Of the 1,534 companies on the NSE, 841 closed in the green, 602 closed in the red while 91 closed flat.


The market was awaiting the Reserve Bank of India (RBI) monetary policy review. The RBI kept its main lending rate -- the repo rate -- unchanged at 8% in line with market expectations. The central bank also left the cash reserve ratio, or the minimum percentage of deposits that lenders must park with the RBI, unchanged at 4%.


Meanwhile, the Election Commission (EC) has allowed Reserve Bank of India (RBI) to take action on new banking license as 'appropriate'. "RBI can go ahead with in- principle nod for banking licences," the EC said.


Coming back to markets, two of the software stocks in the pack of Sensex stocks were the top gainers today. Wipro rose 3.30% to close at Rs560.50 on the BSE while TCS rose 2.08% to close at Rs2,172.45.


Maruti was among the top five losers in the pack of Sensex 30 stocks. Maruti Suzuki has seen its passenger car sales inch up by 3.4% during 2013-14 financial year though its total sales, including exports, declined 1.4%during 2013-14 FY compared to the previous fiscal. The company has recorded a 6.4% drop in passenger car sales during March 2014 and its total sales fell 5.5% in March this year compared to the same month last year. Maruti fell 2.04% to close at Rs1,931.15 on the BSE.

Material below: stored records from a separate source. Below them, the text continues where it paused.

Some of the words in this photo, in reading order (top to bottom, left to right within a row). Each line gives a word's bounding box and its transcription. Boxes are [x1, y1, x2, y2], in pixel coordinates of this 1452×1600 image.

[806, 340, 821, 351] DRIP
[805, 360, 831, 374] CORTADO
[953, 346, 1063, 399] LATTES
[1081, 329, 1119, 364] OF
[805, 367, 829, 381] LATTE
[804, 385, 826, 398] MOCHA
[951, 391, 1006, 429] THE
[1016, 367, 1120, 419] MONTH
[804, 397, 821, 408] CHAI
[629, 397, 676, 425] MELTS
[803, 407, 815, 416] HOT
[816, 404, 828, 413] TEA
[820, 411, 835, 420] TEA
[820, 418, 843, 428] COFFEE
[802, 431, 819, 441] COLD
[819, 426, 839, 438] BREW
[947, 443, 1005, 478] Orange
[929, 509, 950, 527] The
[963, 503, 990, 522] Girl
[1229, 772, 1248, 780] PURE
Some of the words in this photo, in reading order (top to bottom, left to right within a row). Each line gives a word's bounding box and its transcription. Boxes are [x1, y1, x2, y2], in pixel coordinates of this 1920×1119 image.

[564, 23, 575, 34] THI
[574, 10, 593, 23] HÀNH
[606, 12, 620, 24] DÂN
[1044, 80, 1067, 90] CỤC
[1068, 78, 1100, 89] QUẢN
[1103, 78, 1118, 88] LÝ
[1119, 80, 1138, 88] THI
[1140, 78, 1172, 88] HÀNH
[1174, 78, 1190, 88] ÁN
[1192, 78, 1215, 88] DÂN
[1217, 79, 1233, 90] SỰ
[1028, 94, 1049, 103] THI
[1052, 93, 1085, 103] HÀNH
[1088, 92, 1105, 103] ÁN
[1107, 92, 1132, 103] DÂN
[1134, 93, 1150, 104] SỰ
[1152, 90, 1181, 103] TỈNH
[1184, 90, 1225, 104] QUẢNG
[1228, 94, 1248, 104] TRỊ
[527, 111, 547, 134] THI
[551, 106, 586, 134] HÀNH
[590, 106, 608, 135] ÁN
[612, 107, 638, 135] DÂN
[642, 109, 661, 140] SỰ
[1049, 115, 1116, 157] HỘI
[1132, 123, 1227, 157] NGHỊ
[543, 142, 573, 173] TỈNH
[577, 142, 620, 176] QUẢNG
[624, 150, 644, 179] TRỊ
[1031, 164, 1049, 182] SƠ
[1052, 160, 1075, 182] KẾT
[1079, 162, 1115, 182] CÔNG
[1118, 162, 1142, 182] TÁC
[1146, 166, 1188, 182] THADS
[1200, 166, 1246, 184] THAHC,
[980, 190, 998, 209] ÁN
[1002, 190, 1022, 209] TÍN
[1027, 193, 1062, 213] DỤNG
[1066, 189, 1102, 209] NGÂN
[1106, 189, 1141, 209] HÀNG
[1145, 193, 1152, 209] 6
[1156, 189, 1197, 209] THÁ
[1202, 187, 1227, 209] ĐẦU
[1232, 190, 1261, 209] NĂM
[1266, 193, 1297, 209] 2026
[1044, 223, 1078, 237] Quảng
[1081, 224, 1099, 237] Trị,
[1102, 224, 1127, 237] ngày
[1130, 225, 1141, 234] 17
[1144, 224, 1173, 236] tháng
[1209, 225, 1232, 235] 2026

Retail inflation measured by the consumer price index (CPI) moderated for the third month in succession in February 2014, driven lower by the sharp disinflation in food prices, although prices of fruits, milk and products have started to firm up. Excluding food and fuel, however, retail inflation remained sticky at around 8%. This suggests that some demand pressures are still at play, the RBI said. Since December 2013, the sharper than expected disinflation in vegetable prices has enabled a sizable fall in headline inflation. Looking ahead, vegetable prices have entered their seasonal trough and further softening is unlikely, the RBI said.


Indian manufacturing activity grew at a slower pace in March as weaker domestic demand dragged on output growth, a business survey showed on Tuesday. The HSBC Manufacturing Purchasing Managers' Index (PMI), which gauges business activity in Indian factories but not its utilities, fell to 51.3 in March after surging to a one-year high of 52.5 in February.


The Bharatiya Janata Party (BJP) on Monday said that if it wins national elections set to begin next week, its first priority would be to revive investment in the country's slowing economy. The BJP's prime ministerial candidate, Narendra Modi, has campaigned on pledges to spur development, create jobs and boost manufacturing.


In overseas markets, US indices closed Monday in positive.


Except for KLSE Composite (down 0.08%), Nikkei 225 (down 0.24%) and NZSE 50 (down 0.34%) all the other Asian indices closed in the positive. Jakarta Composite (2.22%) was the top gainer.


China's official Purchasing Managers' Index (PMI) increased to 50.3 in March from February's 50.2. A separate PMI HSBC Holdings Plc and Markit Economics pointed to weakness in the world's second-biggest economy. Chinese Purchasing Managers' Index fell to 48 in March, the lowest reading since July, from 48.5, HSBC Holdings Plc and Markit Economics said on Tuesday.


European indices were trading in the positive. US Futures were trading marginally higher.